• _Supplied records_:
=== Section Start ===
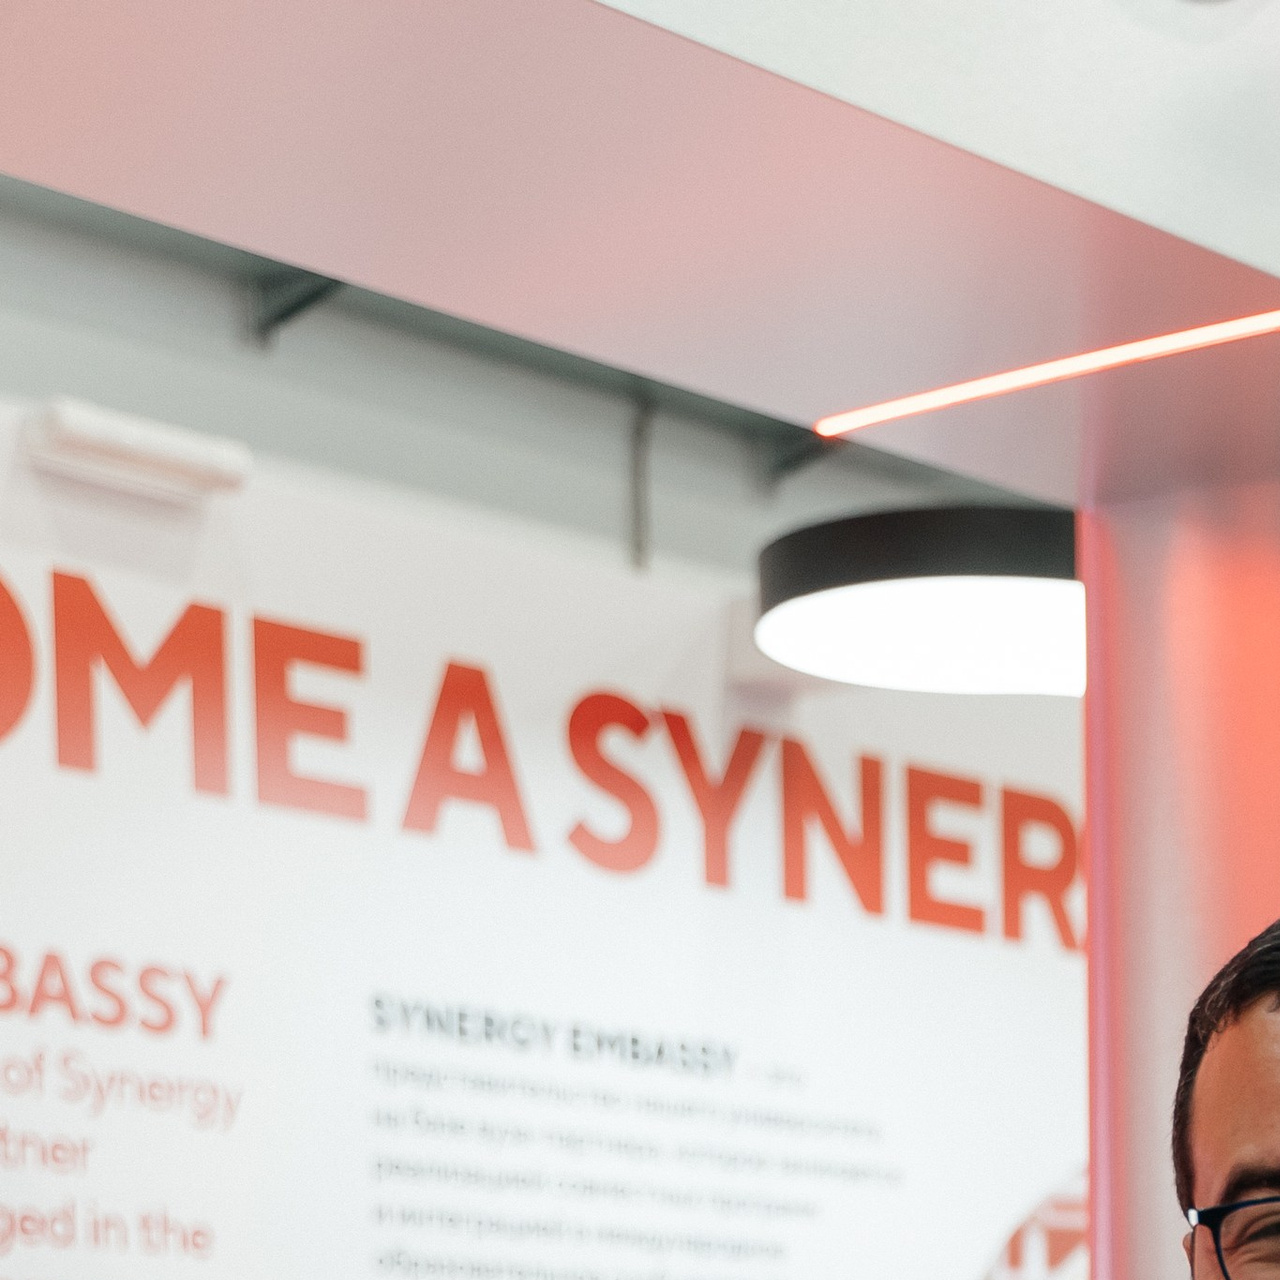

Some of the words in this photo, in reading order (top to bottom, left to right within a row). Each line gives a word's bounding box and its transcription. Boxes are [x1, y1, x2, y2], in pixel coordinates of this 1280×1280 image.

[0, 564, 369, 824] ME
[402, 657, 538, 856] A
[564, 687, 1087, 957] SYNER
[57, 1048, 244, 1132] Synergy
[87, 1201, 130, 1250] in
[138, 1206, 215, 1260] the
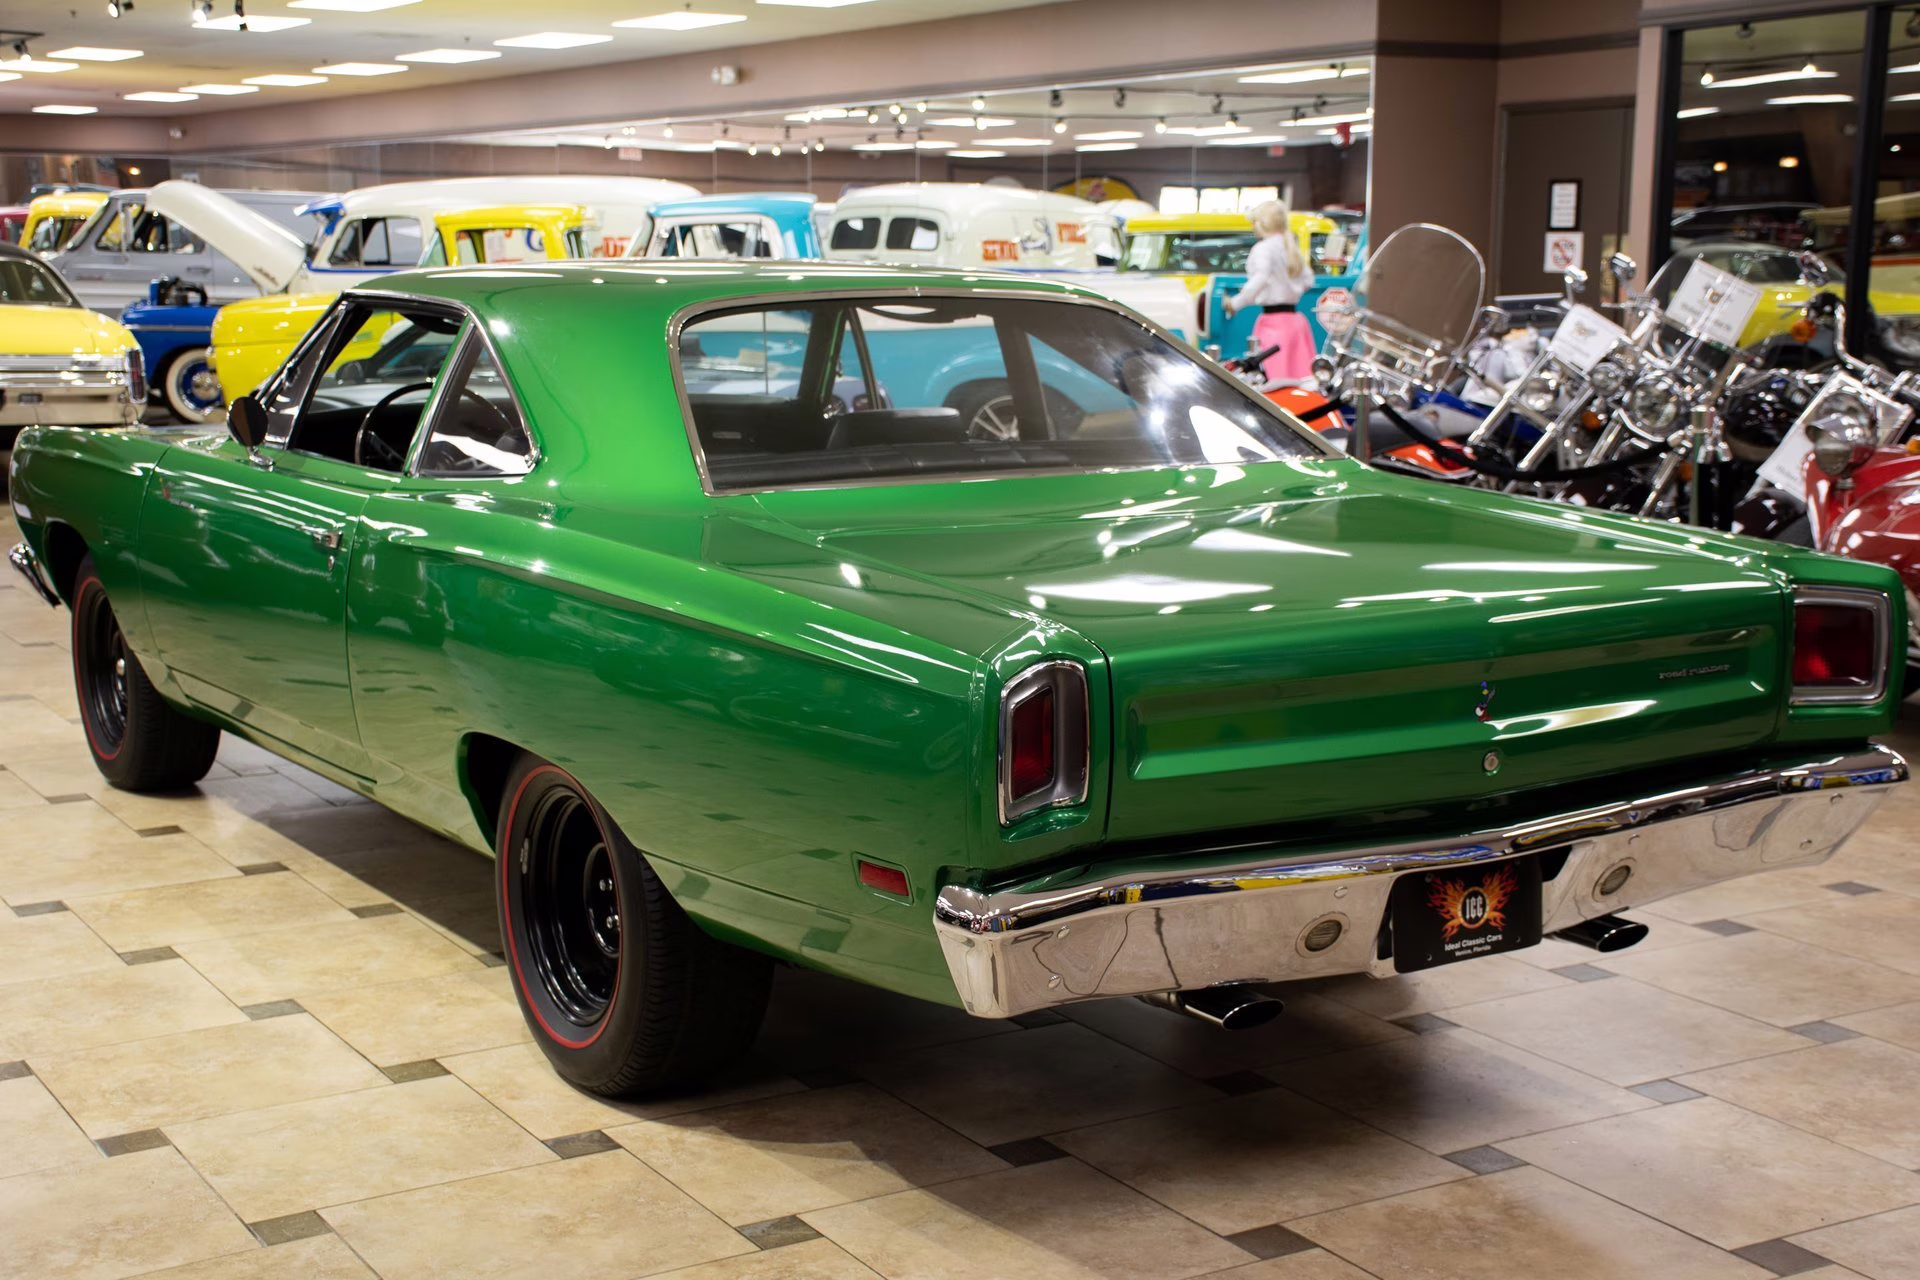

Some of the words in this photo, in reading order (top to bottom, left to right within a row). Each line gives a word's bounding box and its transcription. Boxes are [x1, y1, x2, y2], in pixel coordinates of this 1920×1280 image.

[1445, 941, 1461, 951] Ideal
[1462, 937, 1485, 947] Classic
[1486, 934, 1502, 942] Cars
=== Section End ===
• _Task statement_:
Output the records verbatim, every one of them, and keep the pictures out.

• _Exercise result_:
Some of the words in this photo, in reading order (top to bottom, left to right within a row). Each line gives a word's bounding box and its transcription. Boxes are [x1, y1, x2, y2], in pixel coordinates of this 1280×1280 image.

[0, 564, 369, 824] ME
[402, 657, 538, 856] A
[564, 687, 1087, 957] SYNER
[57, 1048, 244, 1132] Synergy
[87, 1201, 130, 1250] in
[138, 1206, 215, 1260] the

Some of the words in this photo, in reading order (top to bottom, left to right within a row). Each line gives a word's bounding box and its transcription. Boxes are [x1, y1, x2, y2], in pixel coordinates of this 1920×1280 image.

[1445, 941, 1461, 951] Ideal
[1462, 937, 1485, 947] Classic
[1486, 934, 1502, 942] Cars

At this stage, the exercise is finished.